In 1947 she won an Oscar and Golden Globe for Best Supporting Actress in Gentleman’s Agreement.

However, after another supporting role in All About Eve, Holm realized she preferred the theater to movies, and only accepted a few select film roles over the next decade. The most successful of these were the comedy The Tender Trap (1955) and the musical High Society (1956), both of which co-starred Frank Sinatra.

She starred as a professor-turned-reporter in New York City in the CBS television series Honestly, Celeste! (fall 1954) and was thereafter a panelist on Who Pays? (1959). She also appeared ABC’s The Pat Boone Chevy Showroom.

In 1958, she starred as a reporter in an unsold television pilot called The Celeste Holm Show, based on the book No Facilities for Women.

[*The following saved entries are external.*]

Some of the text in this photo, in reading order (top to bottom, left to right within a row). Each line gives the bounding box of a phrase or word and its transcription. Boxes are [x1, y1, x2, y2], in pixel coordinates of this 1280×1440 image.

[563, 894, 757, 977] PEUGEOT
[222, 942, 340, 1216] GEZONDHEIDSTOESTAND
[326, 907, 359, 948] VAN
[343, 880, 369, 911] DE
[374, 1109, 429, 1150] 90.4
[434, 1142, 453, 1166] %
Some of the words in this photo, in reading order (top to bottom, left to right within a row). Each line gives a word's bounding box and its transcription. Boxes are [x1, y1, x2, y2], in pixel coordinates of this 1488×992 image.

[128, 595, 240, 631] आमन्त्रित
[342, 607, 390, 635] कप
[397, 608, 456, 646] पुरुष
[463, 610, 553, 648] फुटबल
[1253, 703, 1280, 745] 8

Holm also starred in the musical The Utter Glory of Morrissey Hall.

In 1965, she played the Fairy Godmother alongside Lesley Ann Warren in the CBS production of Cinderella. In 1970–71, she was featured on the NBC sitcom Nancy, with Renne Jarrett, John Fink and Robert F. Simon. In the story line, Holm played Abby Townsend, the press secretary of the First Lady of the United States and the chaperone of Jarrett’s character, Nancy Smith, the President’s daughter.

During the 1970s and 1980s, Holm did more screen acting, with roles in films such as Tom Sawyer and Three Men and a Baby.

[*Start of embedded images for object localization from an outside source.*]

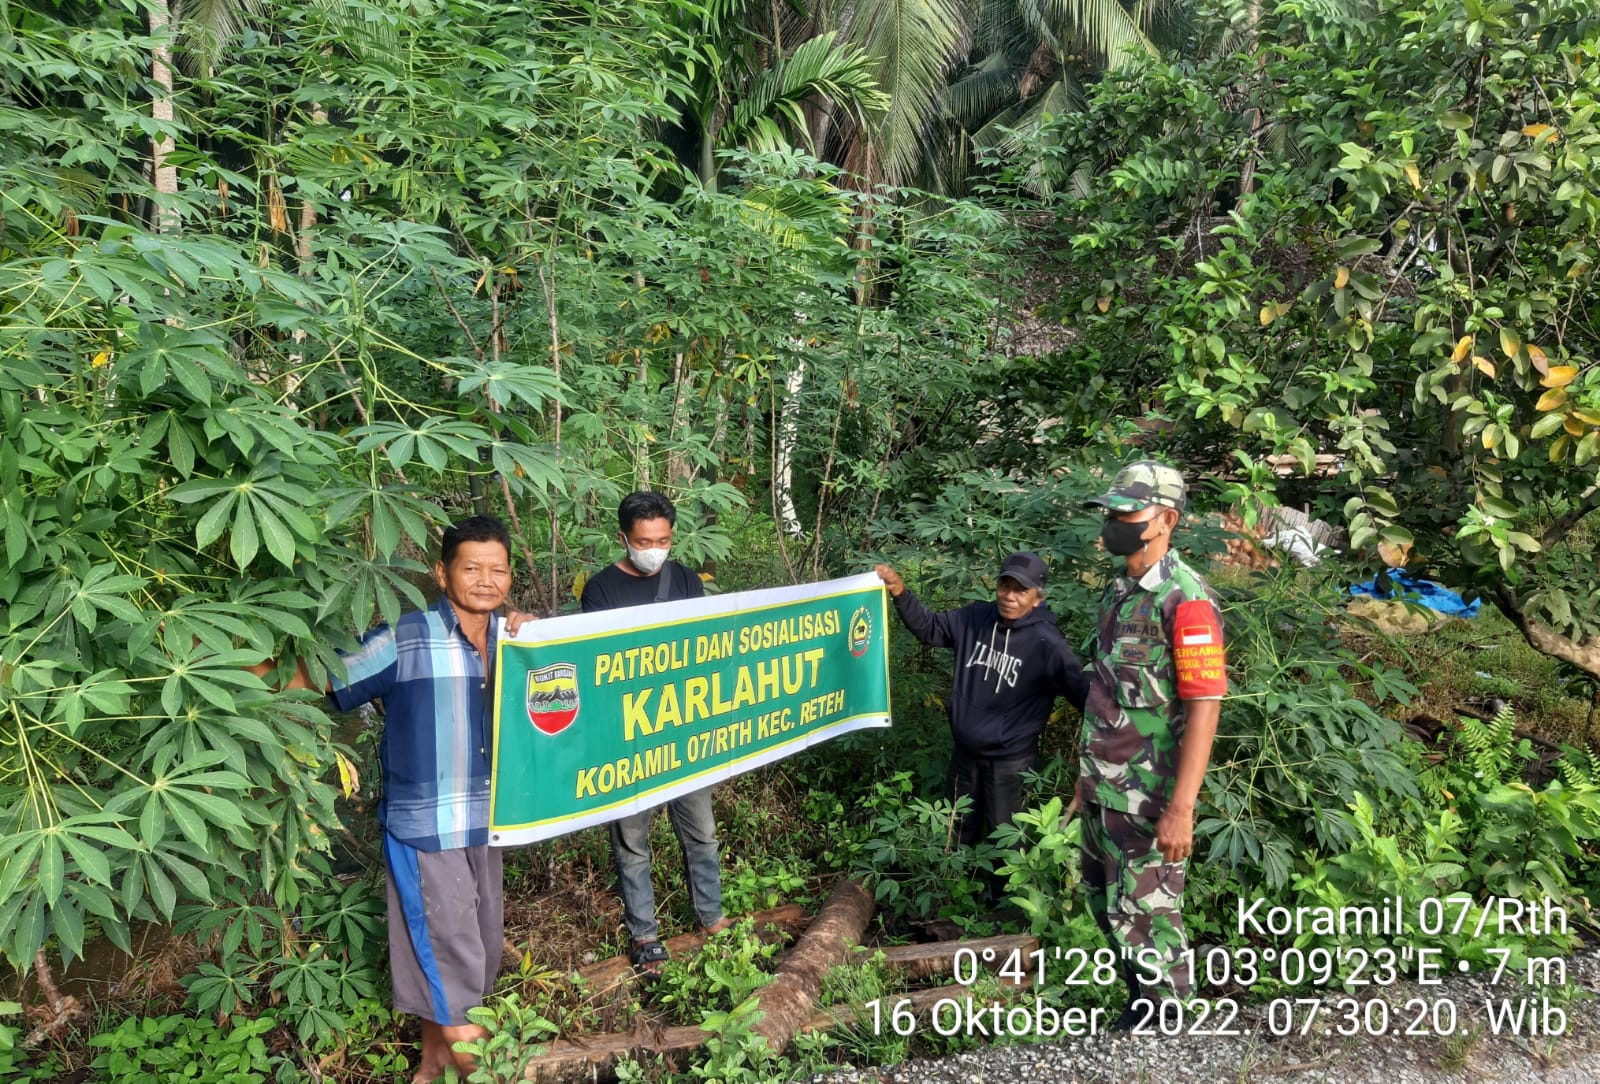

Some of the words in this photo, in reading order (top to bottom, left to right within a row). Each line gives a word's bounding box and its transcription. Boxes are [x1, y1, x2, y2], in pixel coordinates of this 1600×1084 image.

[594, 638, 690, 686] PATROLI
[695, 629, 734, 665] DAN
[738, 609, 841, 655] SOSIALISASI
[622, 648, 825, 742] KARLAHUT
[575, 742, 682, 800] KORAMIL
[687, 719, 752, 763] 07/RTH
[757, 707, 795, 741] KEC.
[799, 688, 845, 726] RETEH

She guest-starred in television series, such as Columbo, The Eleventh Hour, Archie Bunker’s Place, and Falcon Crest.

In 1979, she played the role of First Lady Florence Harding in the TV mini-series, Backstairs at the White House. She was a regular on the ABC soap opera Loving, appearing first in 1986 in the role of Lydia Woodhouse and again as Isabelle Dwyer Alden #2 from 1991 to 1992.

She last appeared in the CBS television series Promised Land (1996–1999).

Marriages: 5 (2 to actors)

Holm’s first marriage was at age 19 to Ralph Nelson in 1936. The marriage ended in 1939. Their son, Internet pioneer and sociologist Ted Nelson (born 1937), was raised by his maternal grandparents.

Holm married Francis Emerson Harding Davies, an English auditor, on January 7, 1940. The marriage was dissolved in May 1945.

From 1946 to 1952, Holm was married to airline public relations executive A. Schuyler Dunning, with whom she had a second son, businessman Daniel Dunning.

In 1961, Holm married actor Wesley Addy, and the marriage lasted until his death in 1996.

On April 29, 2004, her 87th birthday, Holm married opera singer Frank Basile, who was 41 years old.

According to Basile, Holm had been treated for memory loss since 2002, suffered skin cancer, bleeding ulcers and a collapsed lung, and had hip replacements and pacemakers. In June 2012, Holm was admitted to New York’s Roosevelt Hospital with dehydration, where she suffered a heart attack on July 13, 2012; she died two days later at her Central Park West apartment, aged 95.